Content area

Abstract

This dissertation investigates the role of education in royal administration in early Medieval France from approximately 969-1031. Part One analyzes the education students received at the cathedral school of Reims, including curriculum, underlying ideology, educational goals, and teaching methods, to demonstrate that a cathedral school education balanced a combination of classical scholarship and practical training. This system of education was built on medieval educational traditions, but was adapted, implemented, and supervised by Gerbert of Aurillac, a teacher recruited to reform and reinvigorate the school at Reims. This section also provides a prosopographical reconstruction of the student populations at Reims. Part Two of this dissertation tracks those students into their subsequent careers, and investigates the connection between a Reims education and the functioning of Capetian royal government. Reims personnel orchestrated the dynastic change of 987, secured the end of the ensuing civil war, and prosecuted the losing faction of that war. Royal events like councils and synods fit into the umbrella of state administrative service because of the cooperation between the sacred and profane spheres of activity. Ideological debates, such as that over the Peace and Truce of God, also reveal some political partisanship, awareness, and activity by Reims alumni, and reveal the way former students at Reims conceptualized the proper order of society.
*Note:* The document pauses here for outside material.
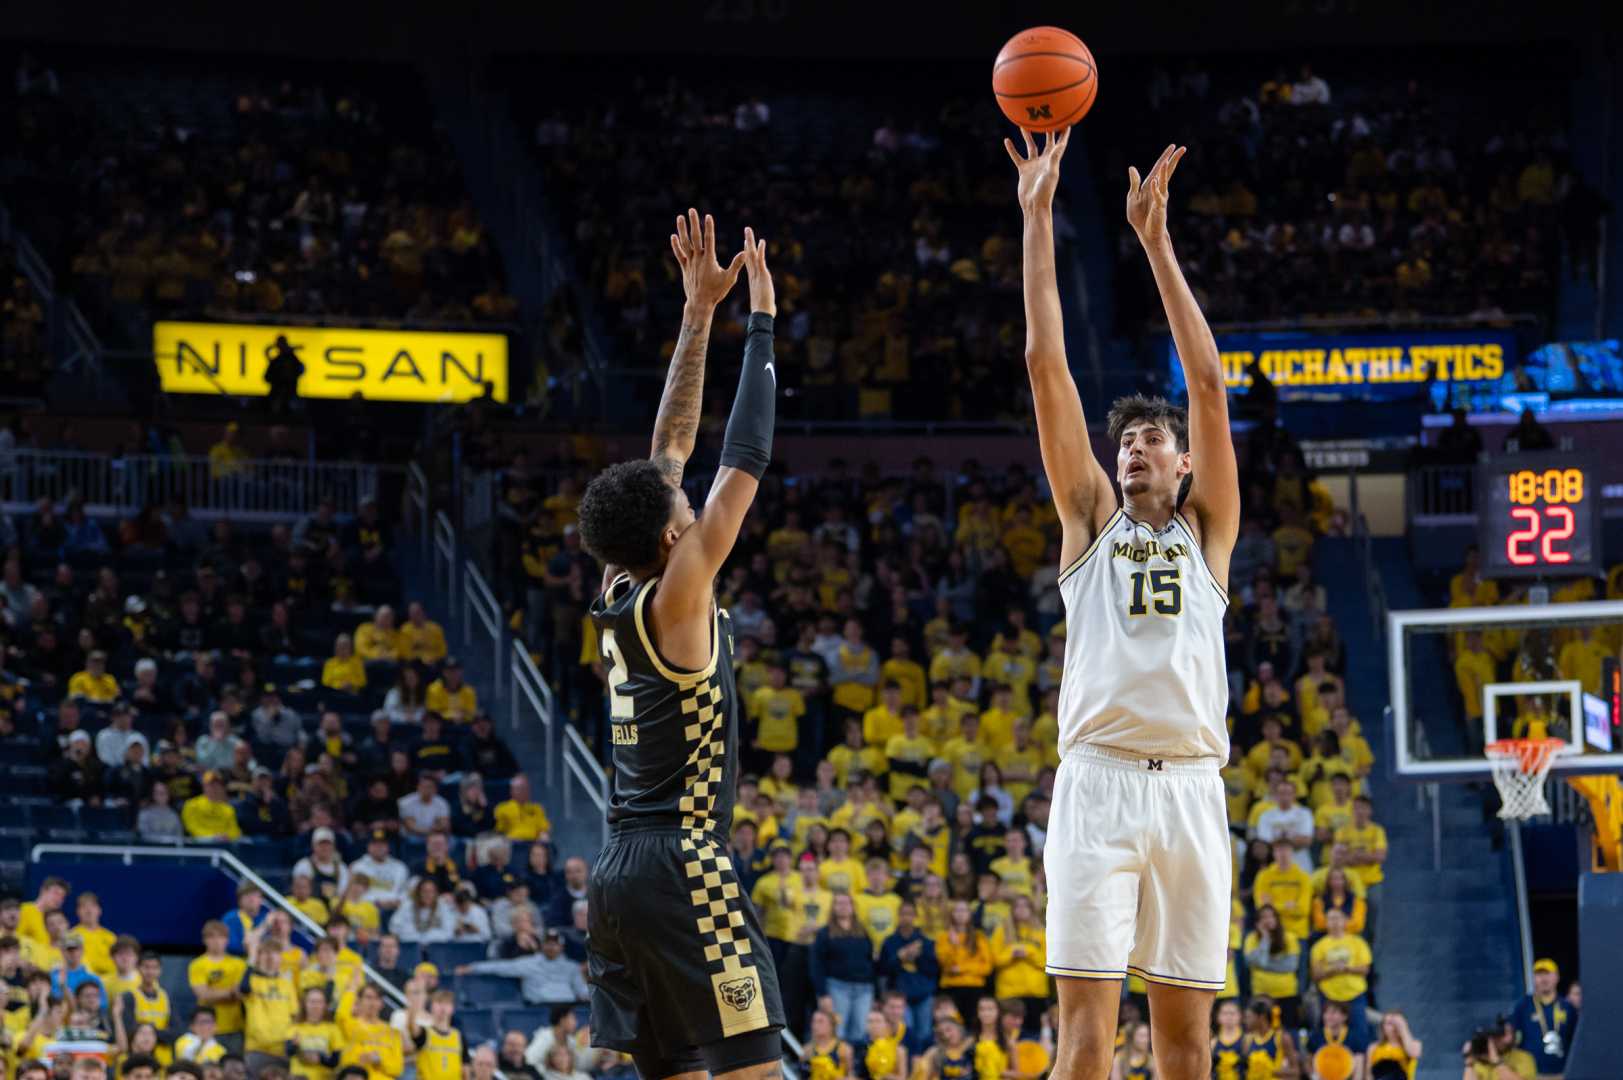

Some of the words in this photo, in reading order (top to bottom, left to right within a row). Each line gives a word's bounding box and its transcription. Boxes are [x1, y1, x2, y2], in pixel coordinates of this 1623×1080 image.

As a whole, my dissertation argues that the cathedral school at Reims functioned as an unofficial training ground for royal and ecclesiastical administrators, and therefore Reims personnel played a pivotal role in legitimizing and solidifying a new royal dynasty around the year 1000.

Details

Title
The cathedral school at Reims and the early Capetian kingdom: 969–1031
Author
DeMayo, Courtney
Year
2010
Publisher
ProQuest Dissertations & Theses
ISBN
978-1-124-06582-3
Source type
Dissertation or Thesis
Language of publication
English
ProQuest document ID
610245252
Copyright
Database copyright ProQuest LLC; ProQuest does not claim copyright in the individual underlying works.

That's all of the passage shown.